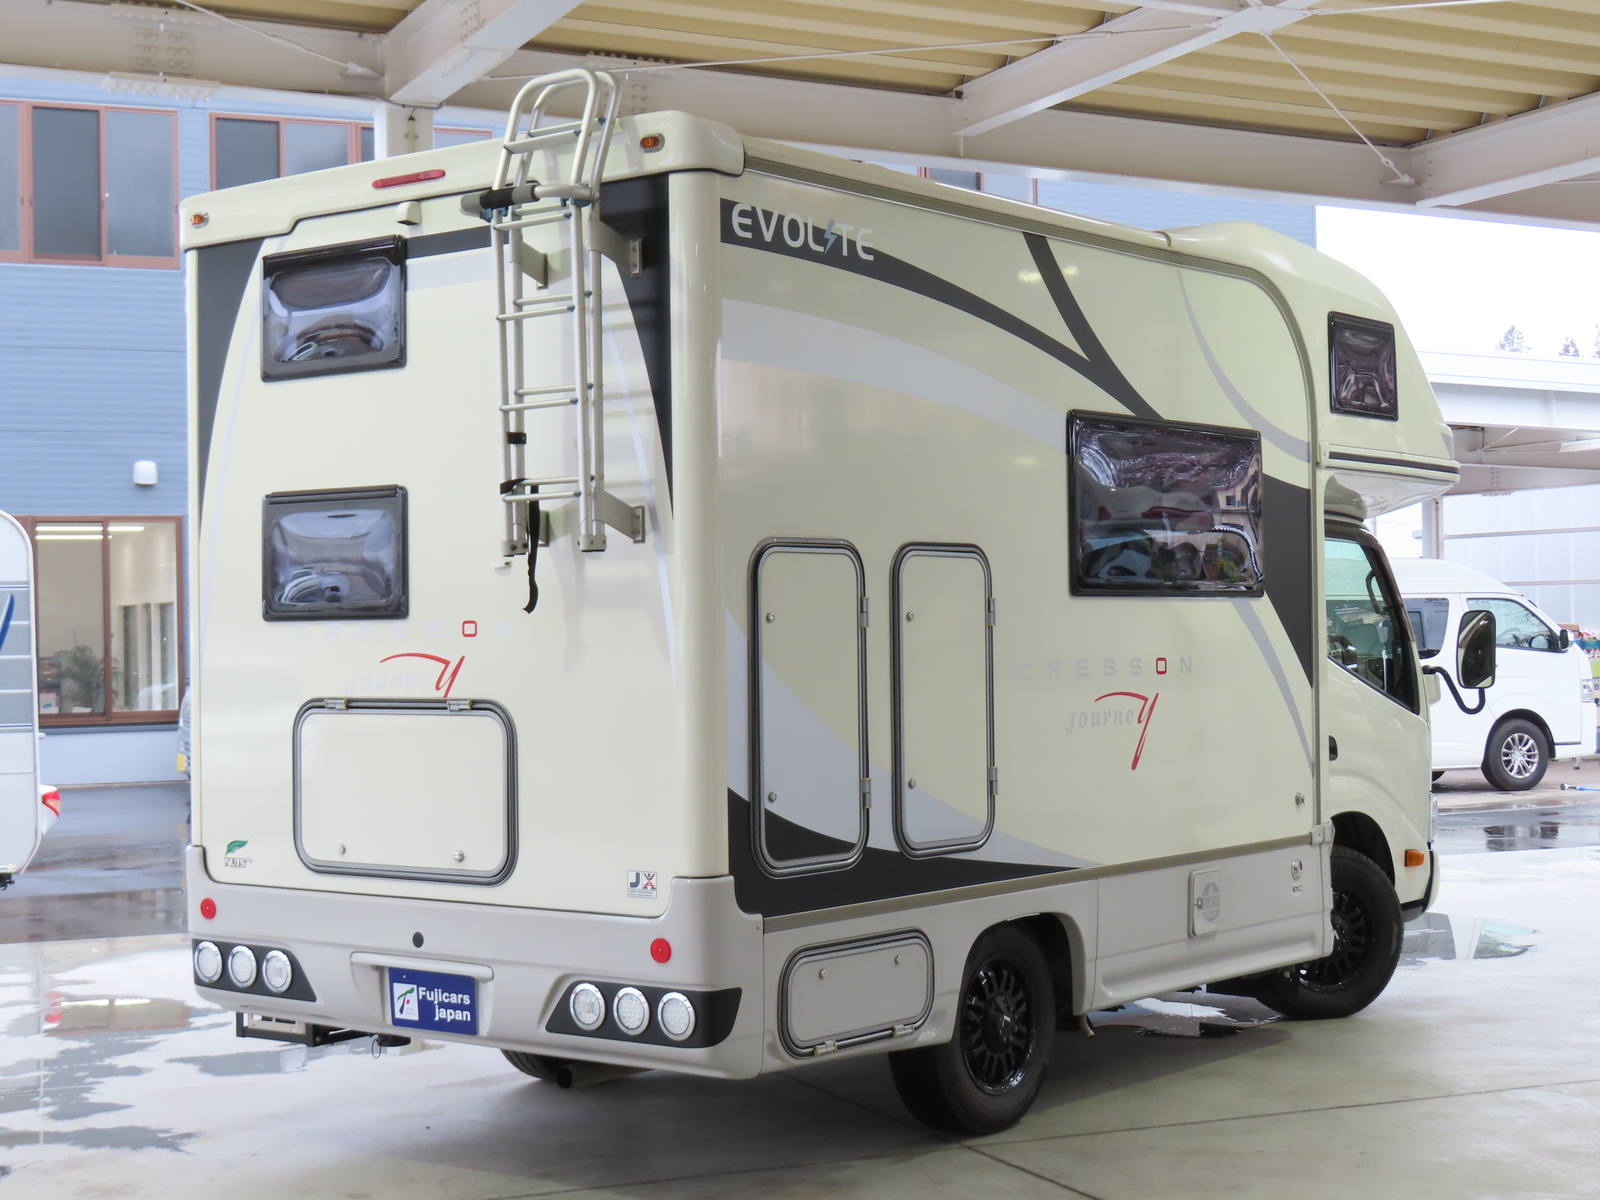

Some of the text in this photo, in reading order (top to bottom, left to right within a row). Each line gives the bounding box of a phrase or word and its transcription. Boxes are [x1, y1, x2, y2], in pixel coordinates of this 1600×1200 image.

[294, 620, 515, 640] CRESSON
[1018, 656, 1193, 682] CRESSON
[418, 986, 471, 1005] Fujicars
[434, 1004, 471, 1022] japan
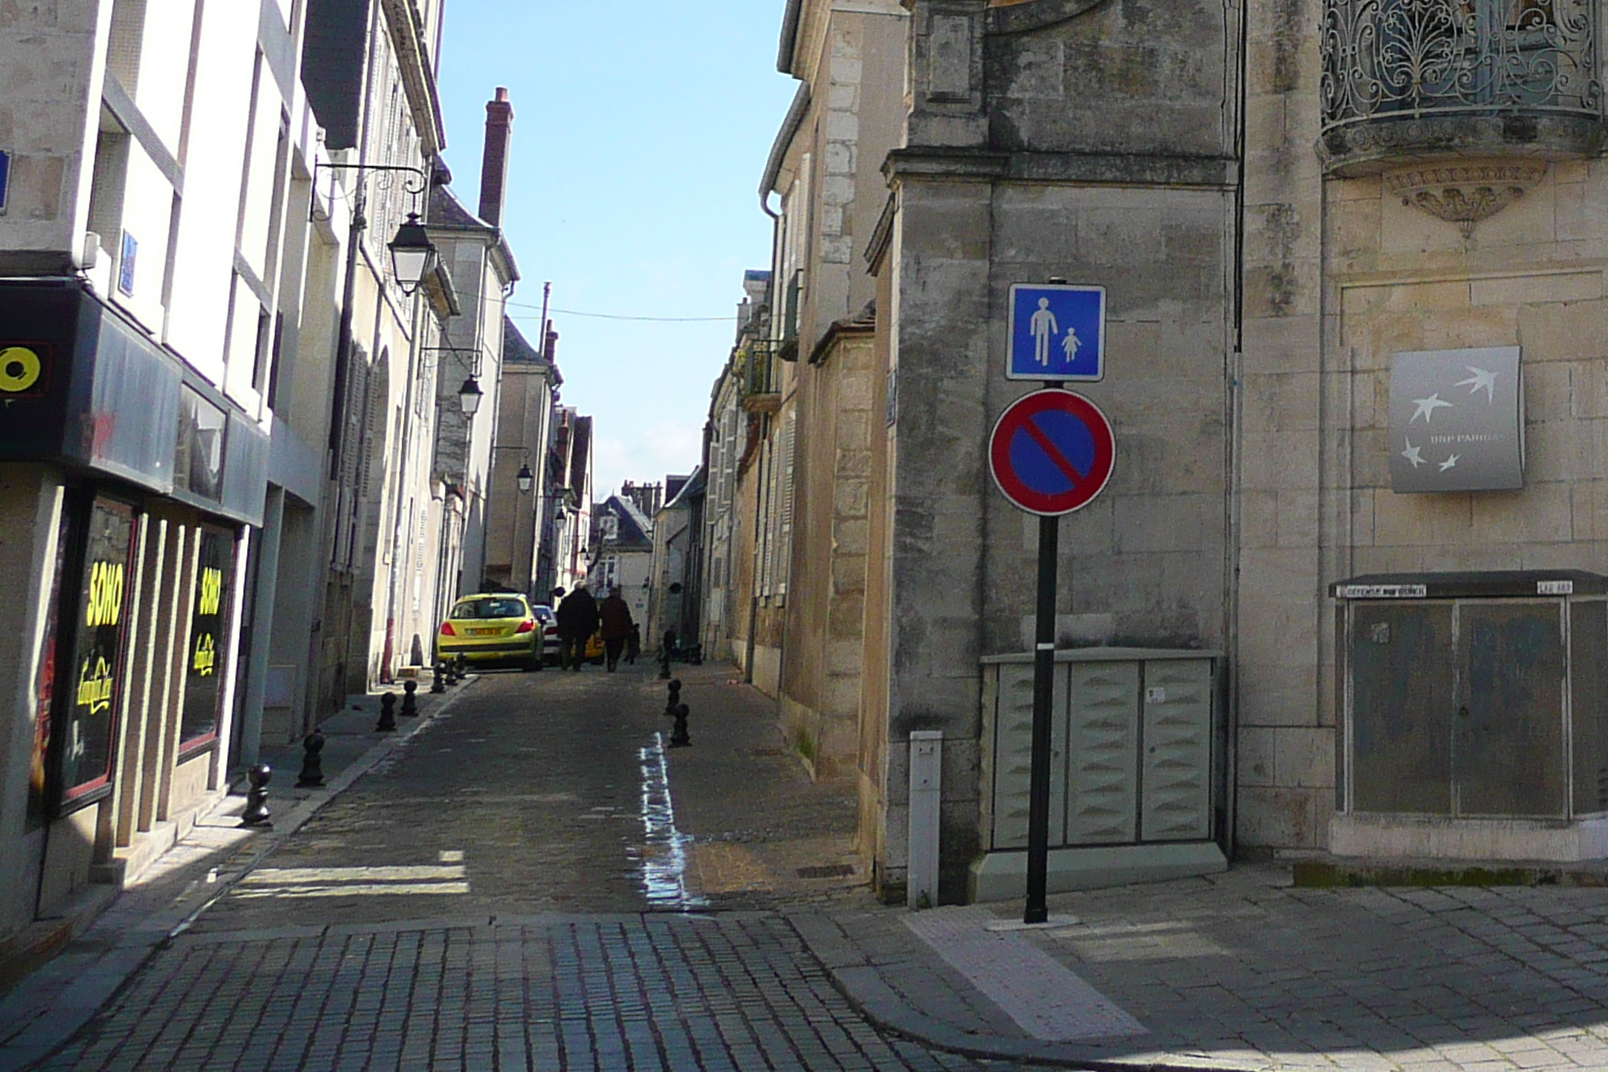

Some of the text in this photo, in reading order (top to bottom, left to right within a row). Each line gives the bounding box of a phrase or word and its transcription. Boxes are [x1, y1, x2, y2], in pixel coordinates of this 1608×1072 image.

Task details: The records above are to be repeated word for word, with the pictures omitted.

Output for this task:
Some of the text in this photo, in reading order (top to bottom, left to right within a row). Each line gives the bounding box of a phrase or word and its transcription. Boxes are [x1, y1, x2, y2], in pixel coordinates of this 1600×1200 image.

[294, 620, 515, 640] CRESSON
[1018, 656, 1193, 682] CRESSON
[418, 986, 471, 1005] Fujicars
[434, 1004, 471, 1022] japan

Some of the text in this photo, in reading order (top to bottom, left to right within a row). Each line gives the bounding box of a phrase or word and its transcription. Boxes are [x1, y1, x2, y2], in pixel coordinates of this 1608×1072 image.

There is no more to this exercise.